EXERCISE PROMPT. Word for word, repeat all the entries below, but without the pictures.

-=-=-

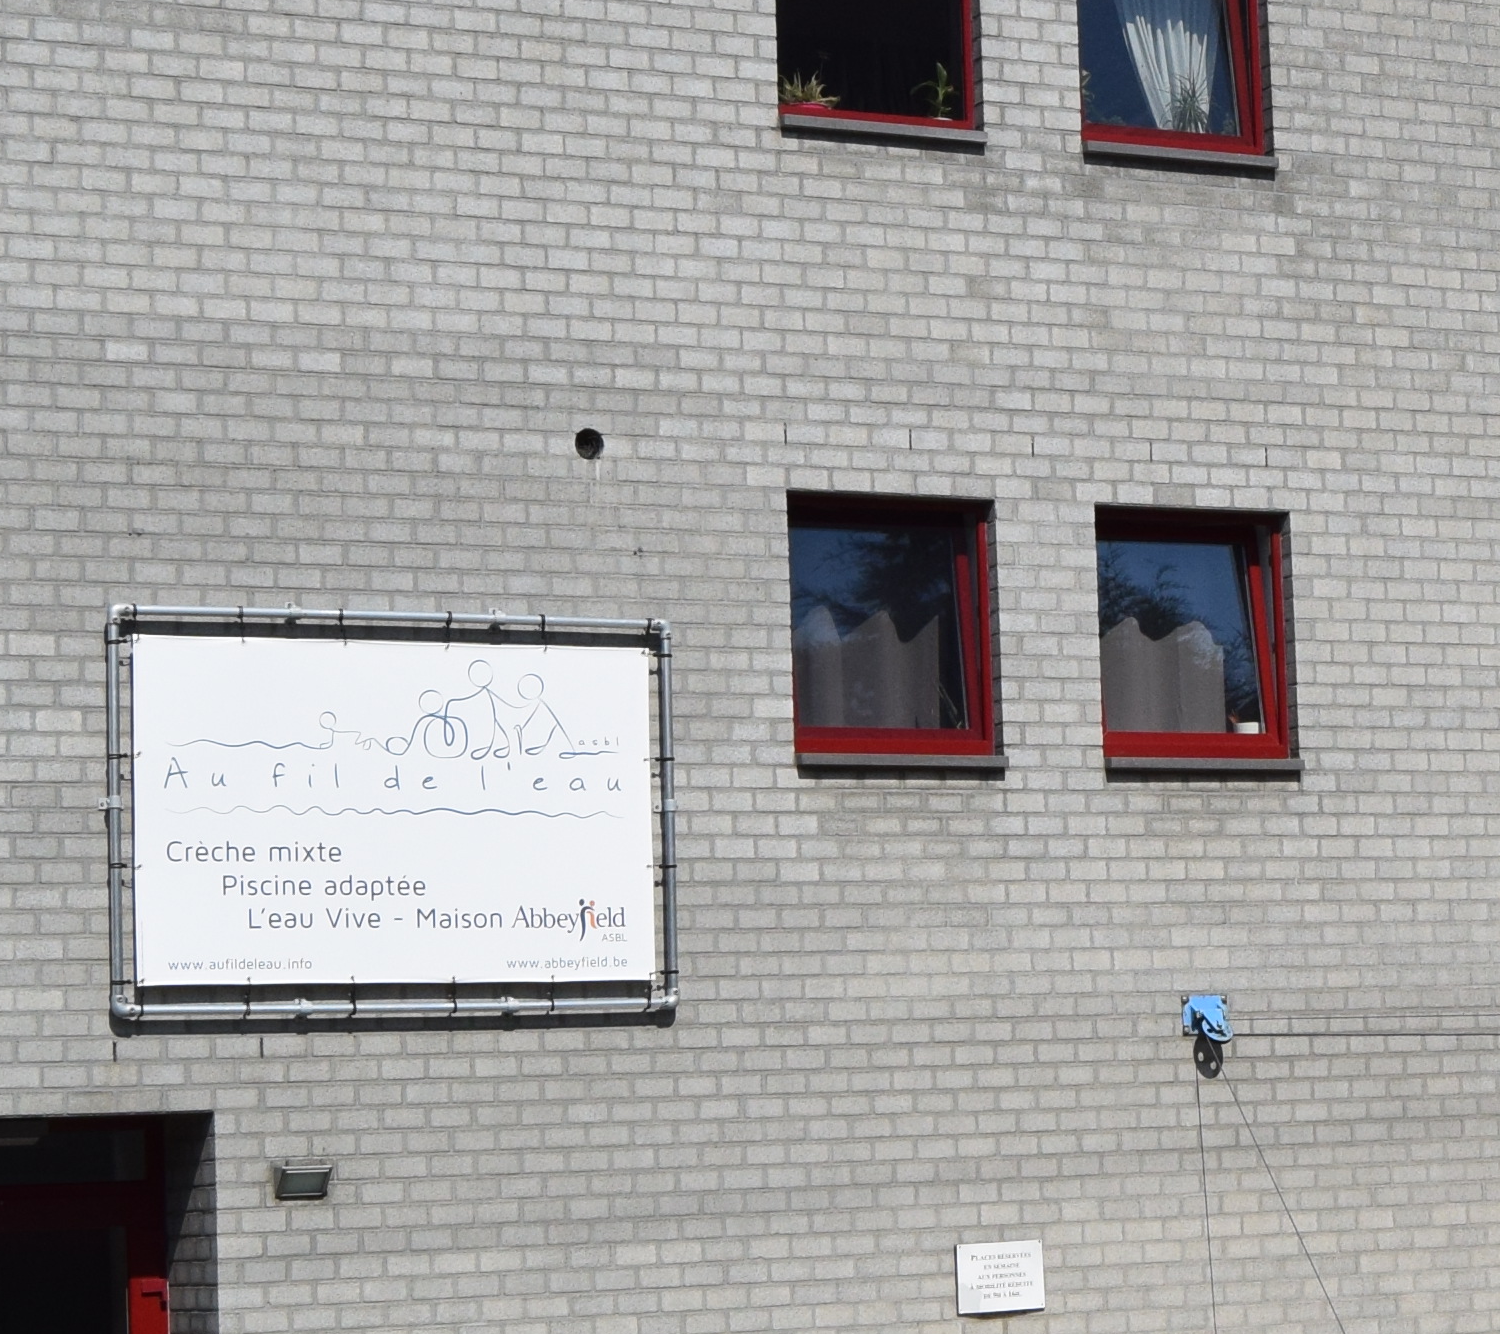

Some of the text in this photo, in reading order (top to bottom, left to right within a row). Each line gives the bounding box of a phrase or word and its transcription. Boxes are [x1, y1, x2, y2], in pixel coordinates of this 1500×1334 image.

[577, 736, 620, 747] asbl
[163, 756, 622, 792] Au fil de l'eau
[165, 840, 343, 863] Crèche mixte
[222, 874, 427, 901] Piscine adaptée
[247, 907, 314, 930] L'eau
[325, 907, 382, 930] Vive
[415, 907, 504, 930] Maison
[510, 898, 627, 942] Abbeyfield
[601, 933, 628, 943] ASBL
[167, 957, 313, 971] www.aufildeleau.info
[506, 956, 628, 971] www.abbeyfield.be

-=-=-

WORKED SOLUTION.
Some of the text in this photo, in reading order (top to bottom, left to right within a row). Each line gives the bounding box of a phrase or word and its transcription. Boxes are [x1, y1, x2, y2], in pixel coordinates of this 1500×1334 image.

[577, 736, 620, 747] asbl
[163, 756, 622, 792] Au fil de l'eau
[165, 840, 343, 863] Crèche mixte
[222, 874, 427, 901] Piscine adaptée
[247, 907, 314, 930] L'eau
[325, 907, 382, 930] Vive
[415, 907, 504, 930] Maison
[510, 898, 627, 942] Abbeyfield
[601, 933, 628, 943] ASBL
[167, 957, 313, 971] www.aufildeleau.info
[506, 956, 628, 971] www.abbeyfield.be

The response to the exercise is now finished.